9. Kebohongan dan Rahasia

47 14 2
                                    

Terkadang lebih baik tidak tahu apa-apa
Daripada tahu kenyataannya tapi tidak siap

Dava baru saja melepas almamaternya, lalu memasukkan ke dalam ransel karena merasa gerah. Lantas segera digulung lengan kemejanya sebatas siku. Itulah kebiasaan Dava selepas mata kuliah selesai. Perempuan yang baru saja selesai bercermin dan menebalkan lipstick di bibirnya yang sudah mulai tipis itu kemudian menepuk bahu Dava.

"Yuk, ke kantin FEB," kata perempuan itu yang berangsur berdiri dari duduknya.

Lelaki yang diajak bicara hanya mengangguk saja dan berjalan mengikuti perempuan anggun berkaki jenjang itu dari samping. Dava sudah berjanji untuk menemani Anin, sahabat karibnya sejak SMA ini untuk bertemu dengan saudaranya yang sekarang ulang tahun dan menjanjikan untuk satu meja makan gratis dengannya. Sekaligus Anin ingin mengenalkan Dava pada saudara baiknya itu. Manusia mana yang akan melewatkan makan gratis ini. Dava tentu tidak.

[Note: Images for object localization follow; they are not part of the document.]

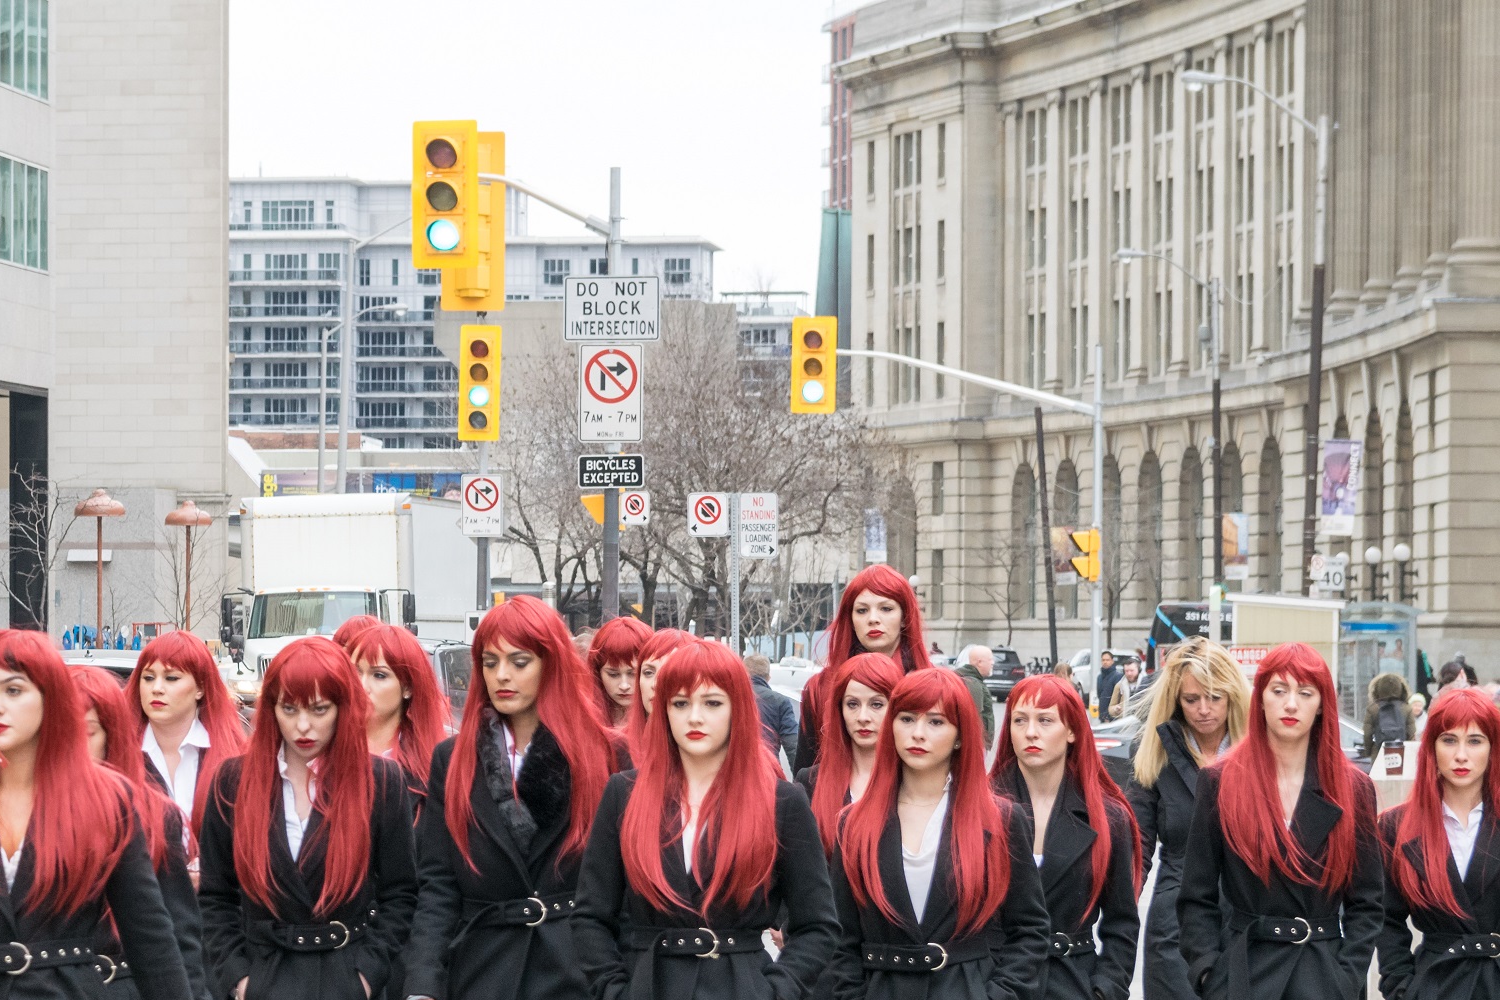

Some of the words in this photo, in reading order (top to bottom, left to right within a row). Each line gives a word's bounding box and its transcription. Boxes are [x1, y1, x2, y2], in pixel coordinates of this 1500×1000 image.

[576, 282, 599, 296] DO
[615, 281, 647, 296] NOT
[582, 300, 641, 316] BLOCK
[571, 320, 655, 336] INTERSECTION
[586, 459, 636, 471] BICYCLES
[1346, 443, 1361, 491] CONNECT
[583, 472, 639, 484] EXCEPTED
[752, 497, 764, 507] NO
[741, 510, 775, 520] STANDING
[741, 523, 776, 532] PASSENGER
[745, 534, 773, 543] LOADING
[750, 545, 767, 554] ZONE
[1322, 571, 1343, 586] 40
[1185, 611, 1200, 621] 351
[1231, 649, 1268, 660] DANGER
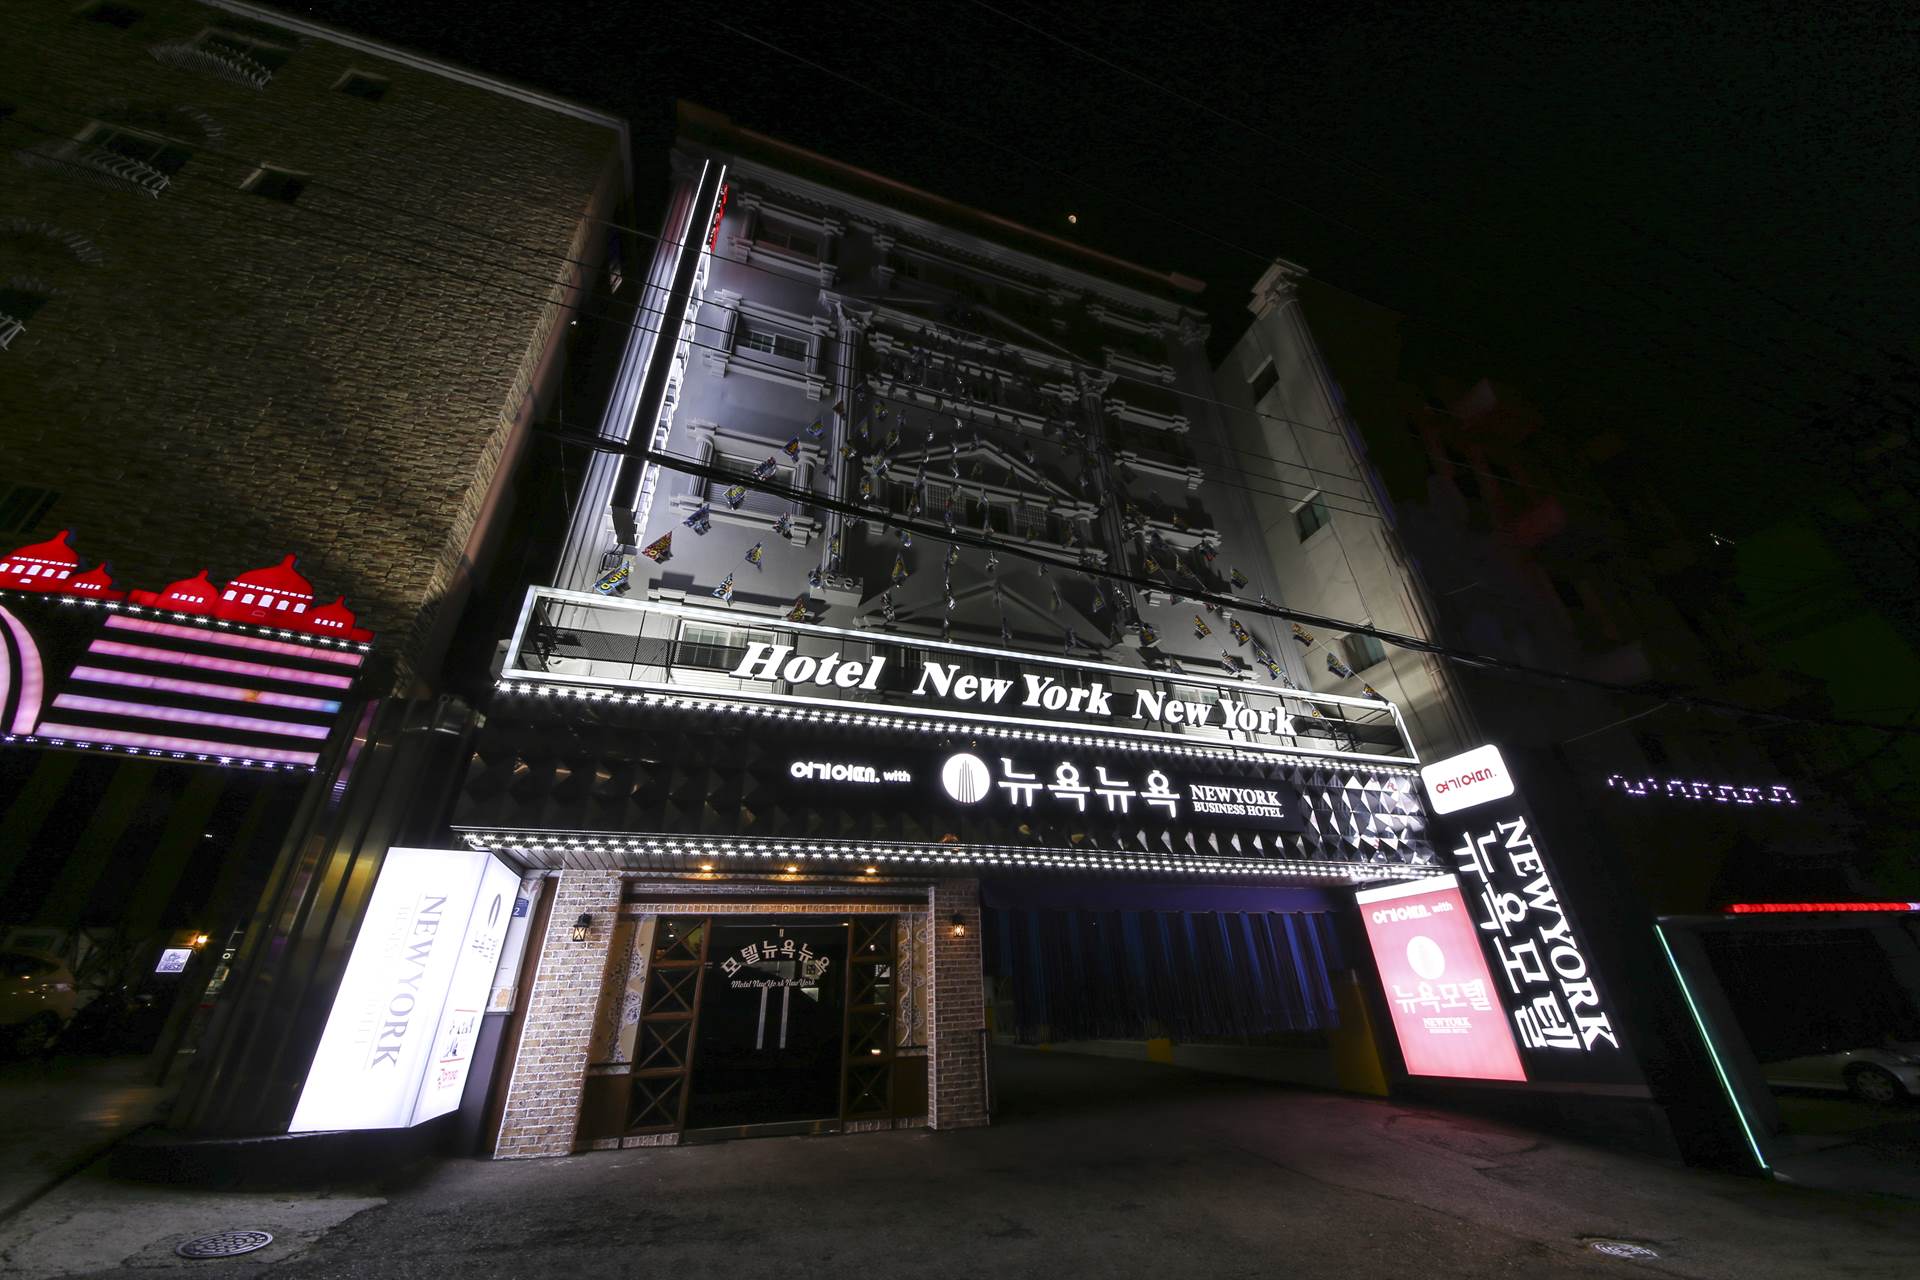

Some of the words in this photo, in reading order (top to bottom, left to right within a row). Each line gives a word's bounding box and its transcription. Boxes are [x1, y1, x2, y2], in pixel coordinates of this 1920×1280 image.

[730, 641, 886, 690] Hotel
[912, 660, 1014, 705] New
[1022, 672, 1113, 716] York
[1131, 688, 1213, 727] New
[1217, 697, 1298, 737] York
[883, 769, 911, 783] with
[999, 756, 1182, 819] 뉴욕뉴욕
[1192, 800, 1246, 816] BUSINESS
[1246, 804, 1285, 818] HOTEL
[1453, 829, 1582, 1050] 뉴욕모텔
[731, 980, 753, 989] Motel
[1392, 978, 1492, 1014] 뉴욕모텔

Anin buru-buru menarik tangan Dava untuk cepat-cepat menghampiri saudara sepupunya yang sudah duduk manis sendirian di meja nomor 10 kantin Fakultas Ekonomi Bisnis. Dava menurut saja disuruh cepat-cepat. Seorang perempuan di meja 10 itu melambaikan tangan ke arah Anin, lalu disambut perempuan itu dengan segera. Dava sudah tahu sejak dulu kalau Anin punya saudara sepupu yang sekampus, tapi beda angkatan satu tahun di bawah mereka.

Dava baru tahu kalau yang selama ini sering disebut-sebut Indi oleh Anin itu adalah manusia yang duduk di kursi nomor 10 itu. Cantik, pikirnya. Sebelas dua belas dengan Anin yang seorang model majalah dan endorse dengan follower instagram kira-kira 198.000-an. Indi membagi pandangan antara Anin—saudaranya—dengan lelaki tampan yang ada di sampingnya dan belum sama sekali Indi tahu siapa dia. Anin langsung meneriaki Indi "happy birthday" sembari bersalaman dengan Indi dan mencium pipi.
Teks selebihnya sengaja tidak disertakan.